Where there are ticks, there's bound to be tick disease. According to veterinary parasitologist Dr. Michael Dryden, the tick population in America has exploded in recent years. Curiously, dogs enjoy more benefits than people when it comes to identifying tick disease, as well as protection to prevent disease transmission in the first place. For people, there's no accurate test to determine tick-borne disease. For dogs, however, an inexpensive blood test can identify three tick diseases (Lyme, anaplasmosis, ehrlichiosis), plus heartworm disease.
"Tick disease is sometimes there without a pet showing clinical signs," says Dryden. "It's important to know if a dog's been exposed. Very often, the general signs (of tick disease) can show up later, and they're often mistaken for other conditions."
For example, one symptom of Lyme disease may be lameness. It's not unusual for dogs, especially older individuals, to simply be given pain relief for what's assumed to be arthritis.
For people, there are steps to avoid ticks, but in dogs there are many choices for tick protection. "Protection is key," says Dryden, University Distinguished Professor of Veterinary Parasitology in the Department of Diagnostic Medicine and Pathobiology at Kansas State University, Manhattan. Unfortunately, not all products work well.
"Sometimes consumers make impulsive purchases which may not be the most informed choices," says Dryden. "Not all over-the-counter products are truly all that protective. It's important that the product you choose is appropriate for the lifestyle of your pets, as well as where you live. By choosing the wrong product, not only may people waste money, but the pet may then be at increased risk for potential tick disease, which can debilitate the pet and cost money to treat. This is why veterinary advice on what product to purchase is so important."

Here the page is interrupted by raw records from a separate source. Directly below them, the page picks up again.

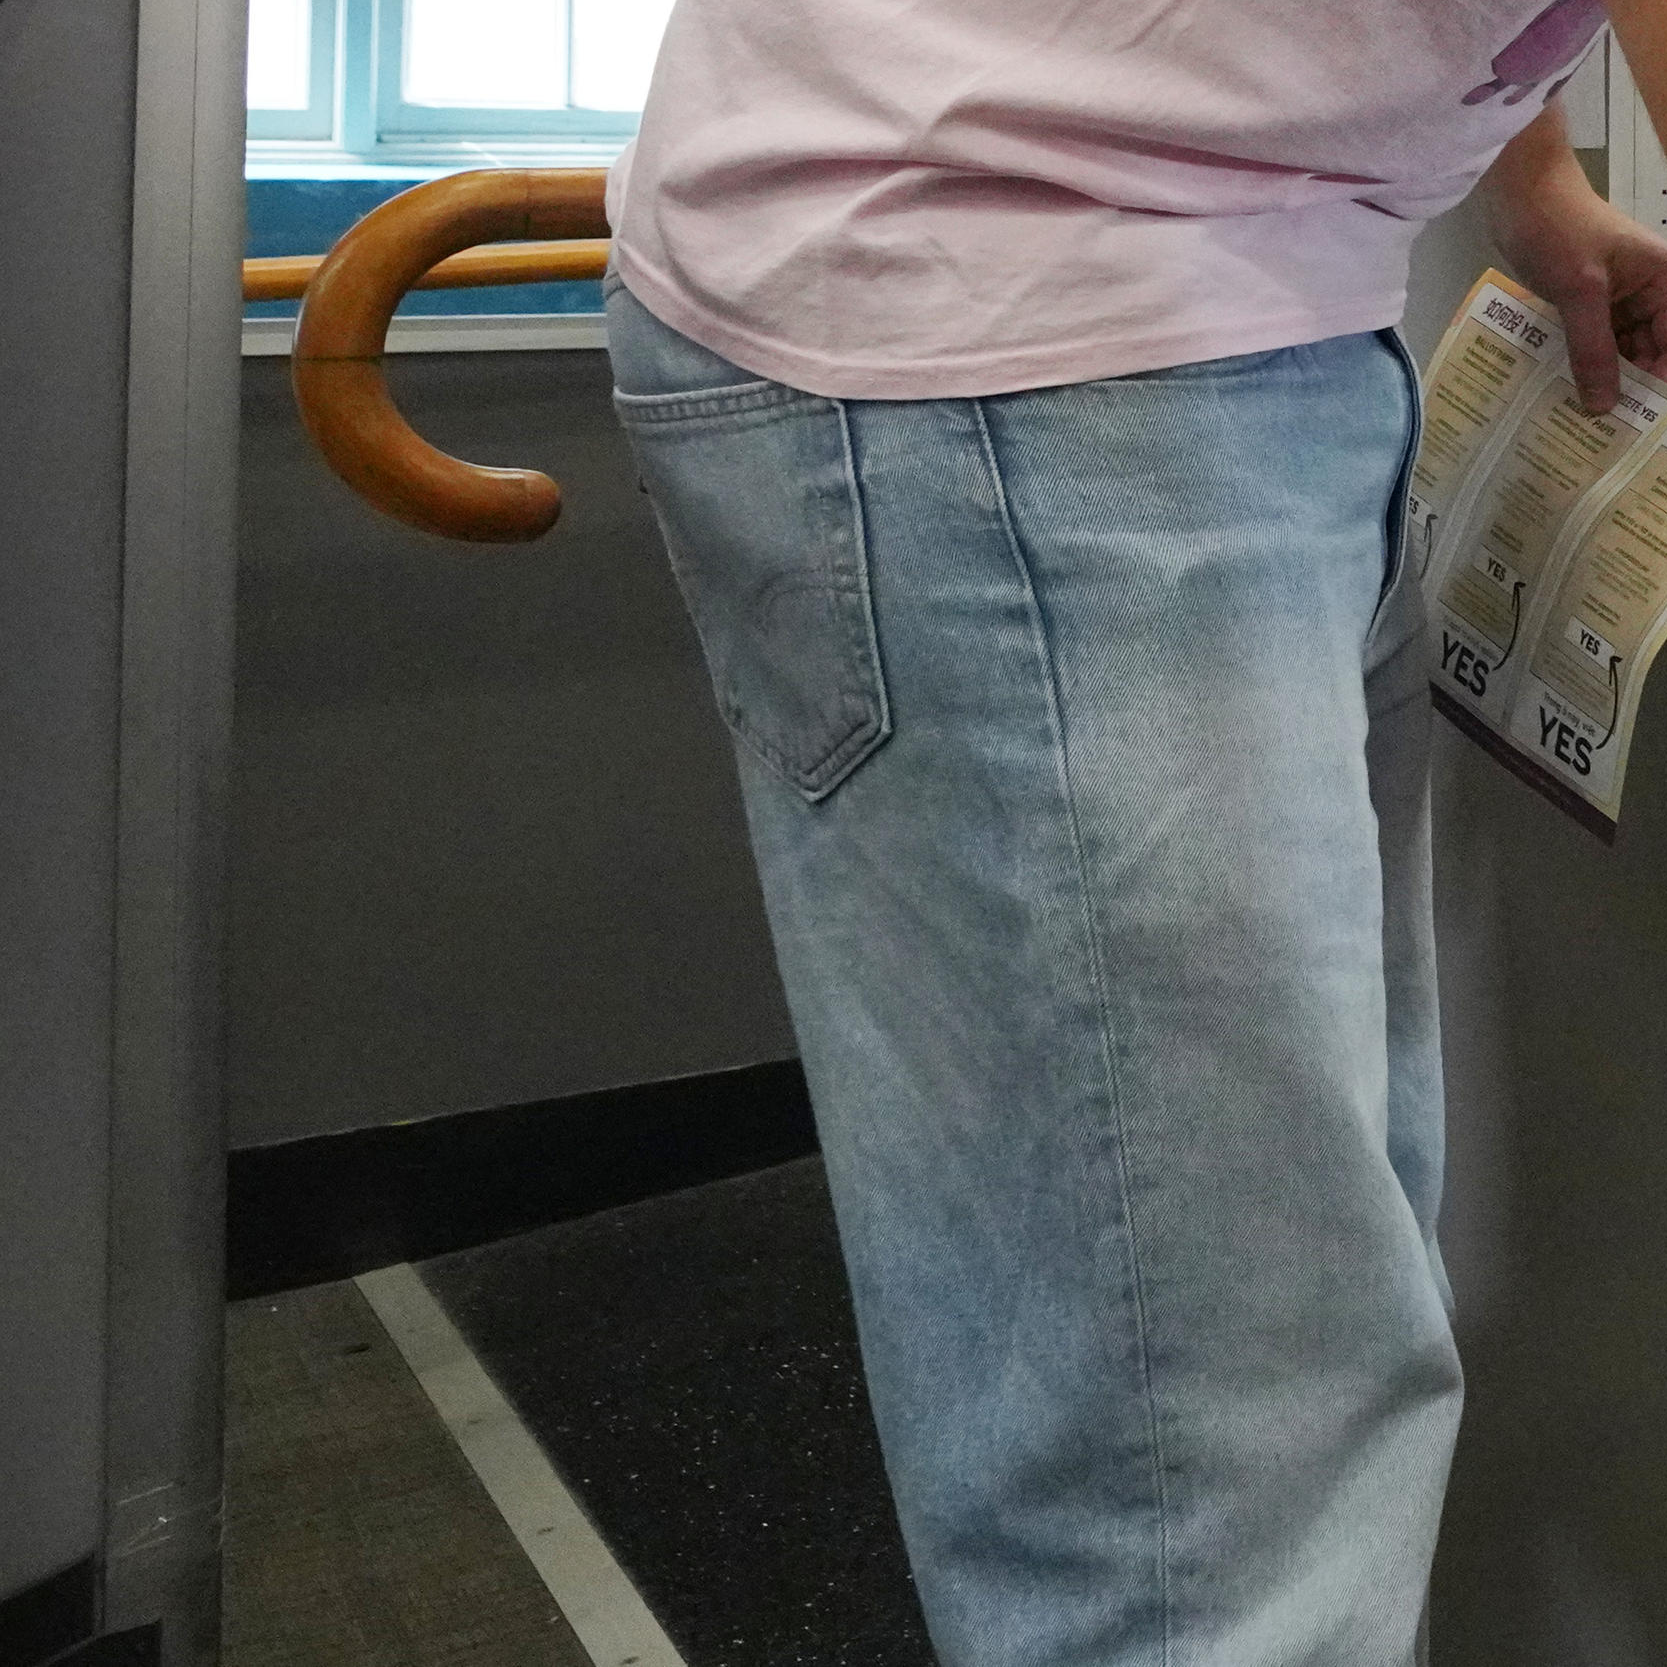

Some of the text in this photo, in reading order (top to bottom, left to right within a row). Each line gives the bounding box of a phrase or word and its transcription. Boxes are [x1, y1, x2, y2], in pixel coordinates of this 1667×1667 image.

[1519, 322, 1548, 348] YES
[1640, 406, 1659, 423] YES
[1487, 557, 1506, 582] YES
[1579, 629, 1600, 656] YES
[1441, 631, 1491, 698] YES
[1538, 705, 1594, 776] YES

Lyme disease is a particular risk for people. Using death records collected from 45 states, researchers at the U.S. Centers for Disease Control and Prevention (CDC) found that between 1999 and 2003, there were 114 records listing Lyme disease as a cause of death. Lyme may also trigger a lifetime of chronic, debilitating illness, and weaken the immune system, allowing other diseases to take hold. So, while the official cause of death may not be listed as Lyme disease - truly it was Lyme that allows for perhaps thousands of untimely deaths to occur annually in people in the U.S.
In dogs, Lyme rarely causes death, but like all tick-borne diseases it's likely under-diagnosed, and may cause a lifetime of chronic problems.

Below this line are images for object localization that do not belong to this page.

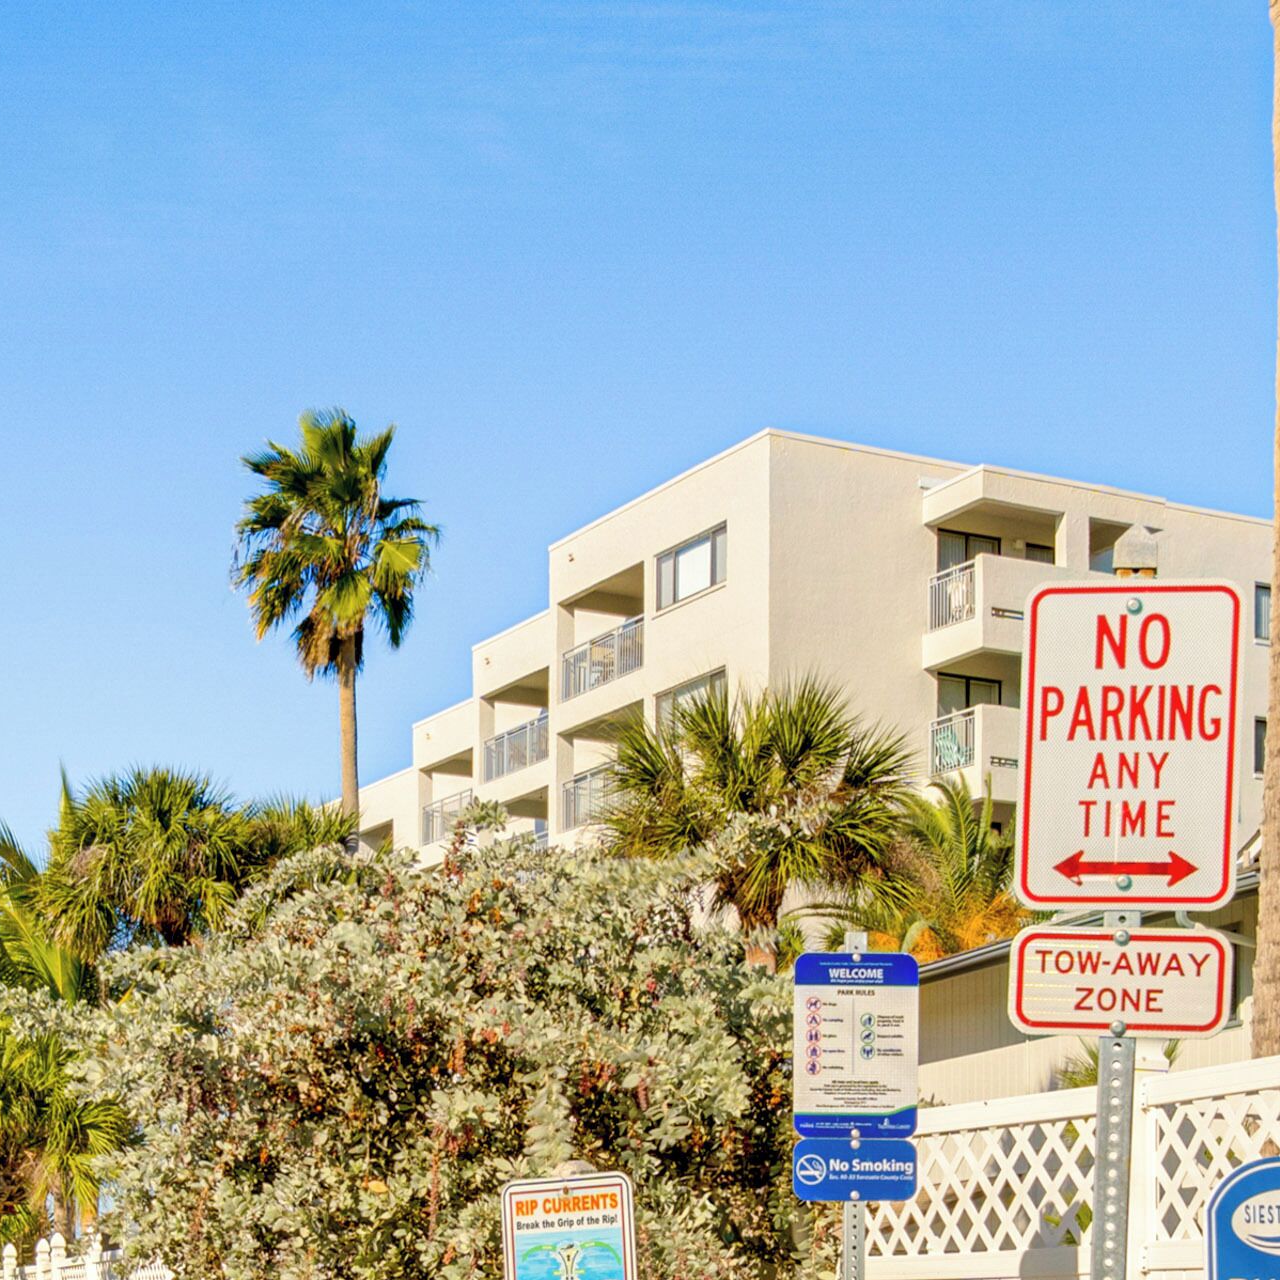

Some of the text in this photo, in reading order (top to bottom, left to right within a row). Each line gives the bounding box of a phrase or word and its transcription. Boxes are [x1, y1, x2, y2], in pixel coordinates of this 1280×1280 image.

[1095, 613, 1171, 669] NO
[1040, 684, 1223, 742] PARKING
[1087, 751, 1170, 790] ANY
[1078, 800, 1176, 838] TIME
[828, 968, 884, 979] WELCOME
[1035, 950, 1211, 977] TOW-AWAY
[1074, 987, 1164, 1012] ZONE
[829, 1158, 914, 1174] No Smoking
[515, 1193, 618, 1216] RIP CURRENTS
[516, 1213, 618, 1230] Break the Grip of the Rip!

Making matters worse for both people and dogs, ticks sometimes inflict a cocktail of nasty pathogens, including Lyme disease, all at once.
At least for Lyme disease, dogs have still another layer of protection not yet unavailable for humans. "The Lyme vaccines for dogs are both safe and effective, and should strongly be considered if you live where Lyme disease occurs," Dryden advises.

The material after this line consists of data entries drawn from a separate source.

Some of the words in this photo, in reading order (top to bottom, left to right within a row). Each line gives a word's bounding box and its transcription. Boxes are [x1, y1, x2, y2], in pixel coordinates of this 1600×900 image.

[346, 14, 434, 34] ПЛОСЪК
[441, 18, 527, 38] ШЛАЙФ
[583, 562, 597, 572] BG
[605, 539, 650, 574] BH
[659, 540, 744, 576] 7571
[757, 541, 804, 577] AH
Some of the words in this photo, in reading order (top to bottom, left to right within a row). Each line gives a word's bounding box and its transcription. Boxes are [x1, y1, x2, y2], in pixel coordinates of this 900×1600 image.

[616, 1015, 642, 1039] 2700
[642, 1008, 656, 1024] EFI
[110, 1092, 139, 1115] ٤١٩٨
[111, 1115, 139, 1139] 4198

Is there truly more tick-related disease today than, say, a decade ago, or have veterinarians simply become better at discovery and diagnosis? "Now, there's a good question," says Dryden. "There's no doubt that the new testing for tick disease is helpful. But ticks are flourishing."
So, why are there so many? "Look at this year's weather," says Dryden. "Throughout most of the nation, it was wet. Much of the country experienced record rain. Now, it's warming up, and all after a relatively mild winter. We'll see ticks from about now to well into the fall and even into early winter."
Weather isn't the only factor. Wildlife numbers are rising. Animals like deer and fox carry ticks from more wooded places right into our backyards, even in many urban areas.